* [THE PROBLEM]: Could you print, exactly as they stand, the lines from the one holding "this 1600×900 image." to the end of the data below, and nothing more?
#### EXTRACTED ENTRIES ####
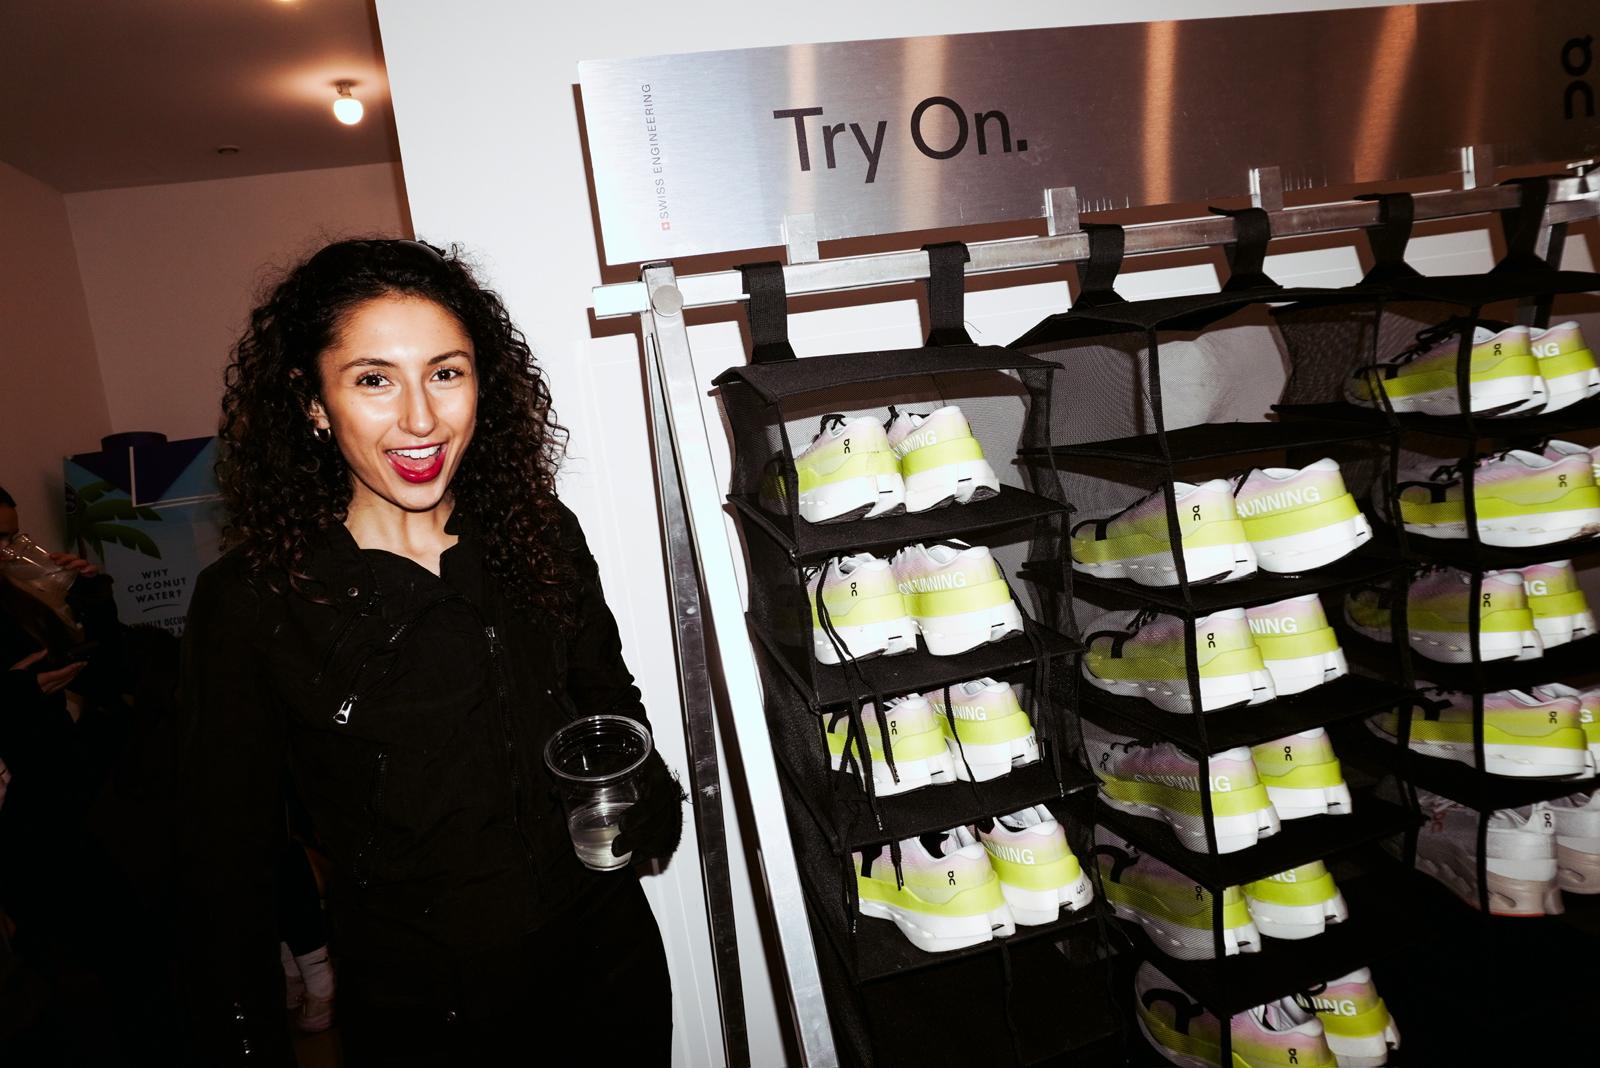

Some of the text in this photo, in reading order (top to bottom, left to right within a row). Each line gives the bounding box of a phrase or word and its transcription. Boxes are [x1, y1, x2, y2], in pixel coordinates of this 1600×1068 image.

[772, 95, 1029, 185] Try On.
[640, 82, 671, 219] SWISS ENGINEERING
[142, 568, 168, 579] WHY
[127, 577, 187, 593] COCONUT
[135, 589, 182, 603] WATER?
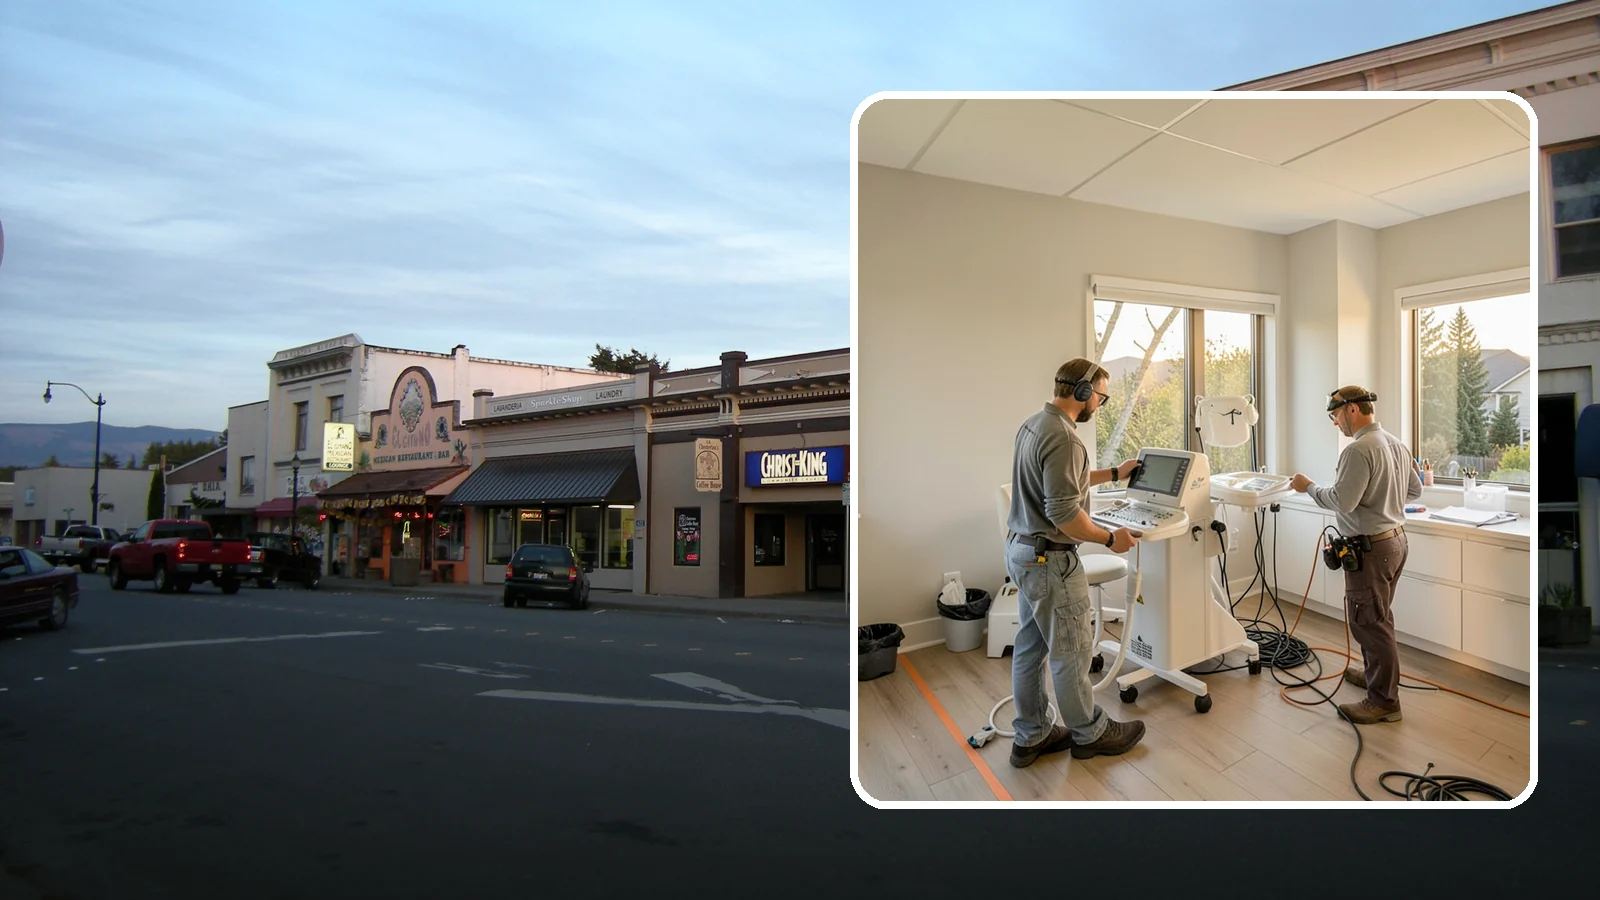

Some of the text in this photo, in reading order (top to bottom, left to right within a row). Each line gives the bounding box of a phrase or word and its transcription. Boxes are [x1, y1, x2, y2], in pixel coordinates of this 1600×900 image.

[595, 389, 623, 400] LAUNDRY
[561, 394, 583, 408] Shop
[493, 402, 522, 413] LAVANDERIA
[397, 451, 433, 462] RESTAURANT
[437, 450, 450, 459] BAR
[761, 449, 828, 478] CHRIST KING
####
* [EXERCISE OUTPUT]:
Some of the text in this photo, in reading order (top to bottom, left to right within a row). Each line gives the bounding box of a phrase or word and its transcription. Boxes are [x1, y1, x2, y2], in pixel coordinates of this 1600×900 image.

[595, 389, 623, 400] LAUNDRY
[561, 394, 583, 408] Shop
[493, 402, 522, 413] LAVANDERIA
[397, 451, 433, 462] RESTAURANT
[437, 450, 450, 459] BAR
[761, 449, 828, 478] CHRIST KING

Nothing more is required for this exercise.